Tuesday, September 24, 2013

Ten Month Checkup

Today I had my six week appointment with my oncologist. It's been ten months since my last treatment. I was a little reluctant to go because I have not been doing well this past six weeks and I did not want to let Dr. Meluch down. He was so proud of my progress last time.

During this six week period, I started off amazing, running my first 5K. Soon after, work started getting stressful and my dog, Bailey, whom I call my daughter and my heart, got really sick again. It broke my heart. I just knew I was going to lose her. I gave up on myself for a little while, not caring much about working out or trying to eat better.

Surprisingly, I still managed to loose two pounds. I credit the medicine because I have not been doing well taking care of myself at all!

Dr. Meluch was not disappointed one bit. When he came into the room, he asked how I was doing. I told him I was great, but admitted that a few weeks ago, I felt my throat and thought I felt a lump. He examined me like he always does and told me everything was okay. He said it is common for people who have been through what I have been through to immediately think the worst. I can hit my hand quite naturally, hurt the next day, and wonder if cancer has returned. There is no logical reason to jump to that conclusion, but it is common and normal to do so. I told him about the Women Survivors Convention and how helpful it was to hear from others and know that what I am going through is very normal. I told him about the 5K. He was proud of that.

After examining me, he told me I will more likely experience long term effects of the chemotherapy than actually getting cancer again, such as the need for my upcoming hysterectomy and the thyroid issue. I told him I have an upcoming appointment with my gynecologist to schedule the hysterectomy.

I said, speaking of my thyroid, I haven't been doing as well as I had hoped. I didn't get into the details with him, but I told him I'd been having a rough time lately and when things go bad like they have, I tend to eat!
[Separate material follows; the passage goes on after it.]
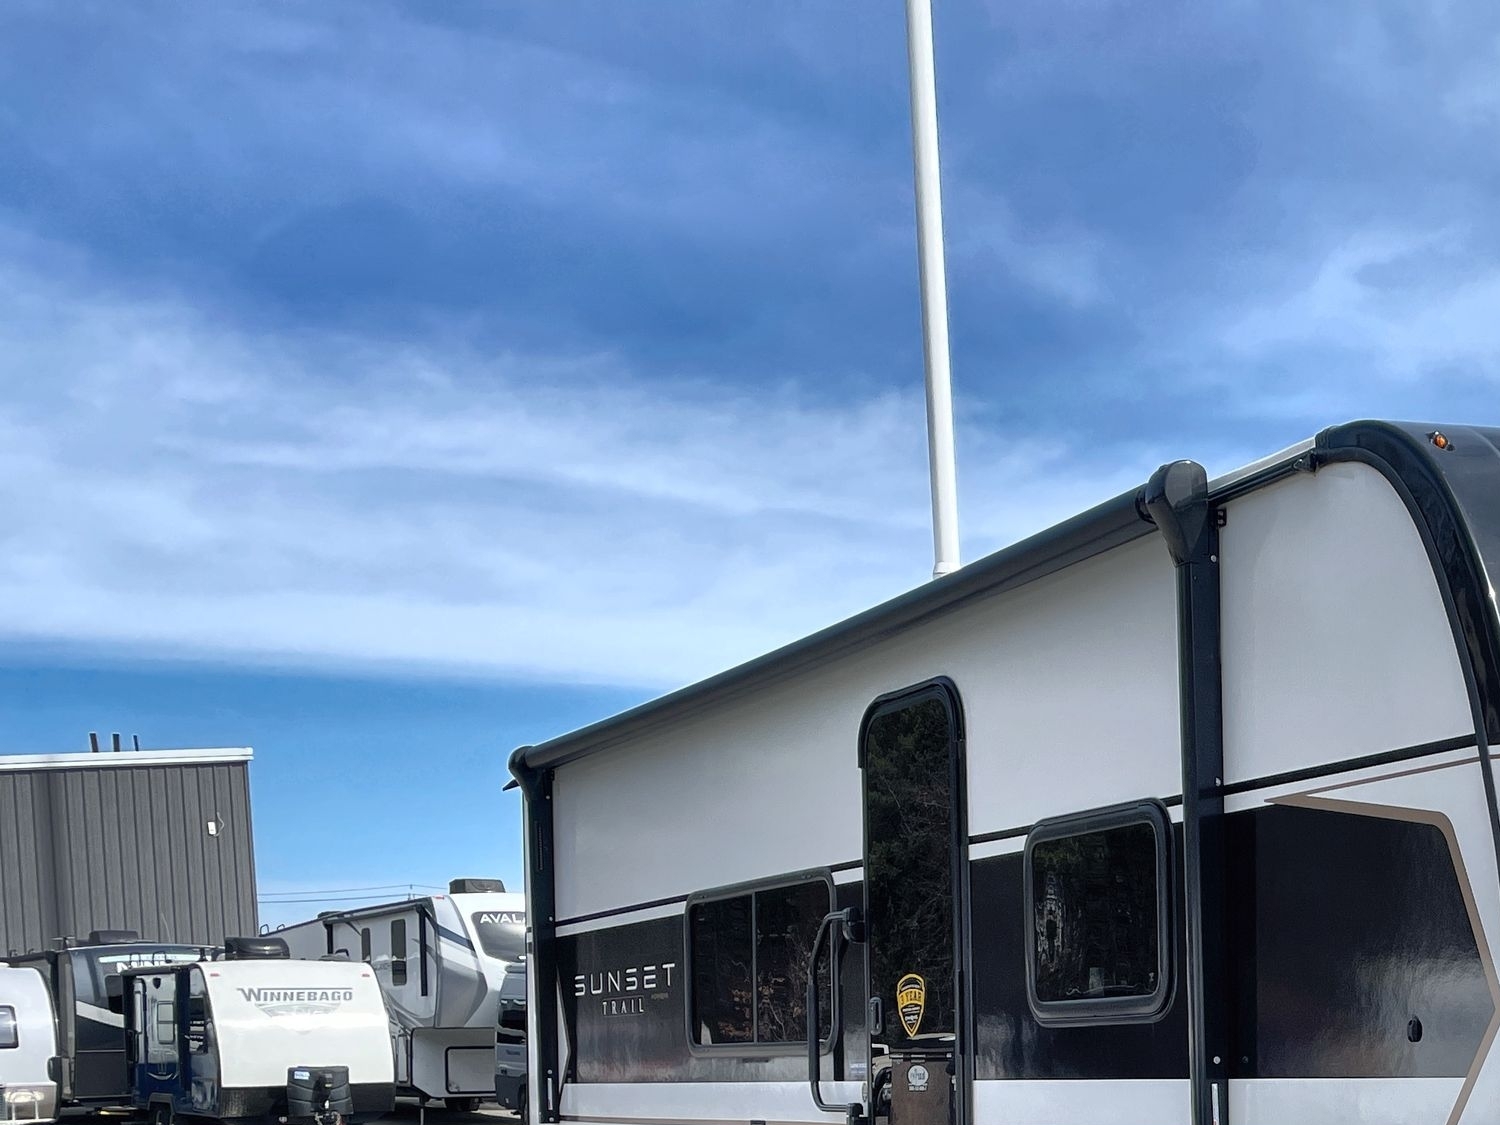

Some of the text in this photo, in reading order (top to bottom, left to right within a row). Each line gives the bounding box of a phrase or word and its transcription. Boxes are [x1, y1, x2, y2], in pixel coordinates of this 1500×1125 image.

Instead of being disappointed with me, he gave me a side hug and said he could tell I was feeling better. I had a sparkle in my eye. He said it was okay that things weren't going as well as I had hoped. It will come. It will happen. That made me feel pretty good.

When I left, I wondered a little at why he wasn't more upset with my slow progress. I realized that:

1) he's the one who told me it would take time. I'm sure he realizes better than I do the struggles with regaining a sense of normalcy and moving forward. (I saw an interview with a survivor of sexual assault recently. She said there is no such thing as getting back to who you were before the rape. Instead, you learn to find a new normal. I think the same is true for survivors of any major life changing event, including cancer.)

2) It occurred to me that a lot of people don't even try to do what their doctor tells them to do. I think he recognizes that I am trying. I trust him and know he knows more than I do about how to get healthy again.

I asked him when my one year anniversary date is, the last day of treatment or the day I got my tests and he said I was in remission. He said it was the date of my last treatment. In that case, I will be celebrating in less than two months (November 19). However, it will be some time in December before I get my next scan. I will celebrate again once I get the official word that all is still good. At that time, I will talk to him about if/when I can move back home!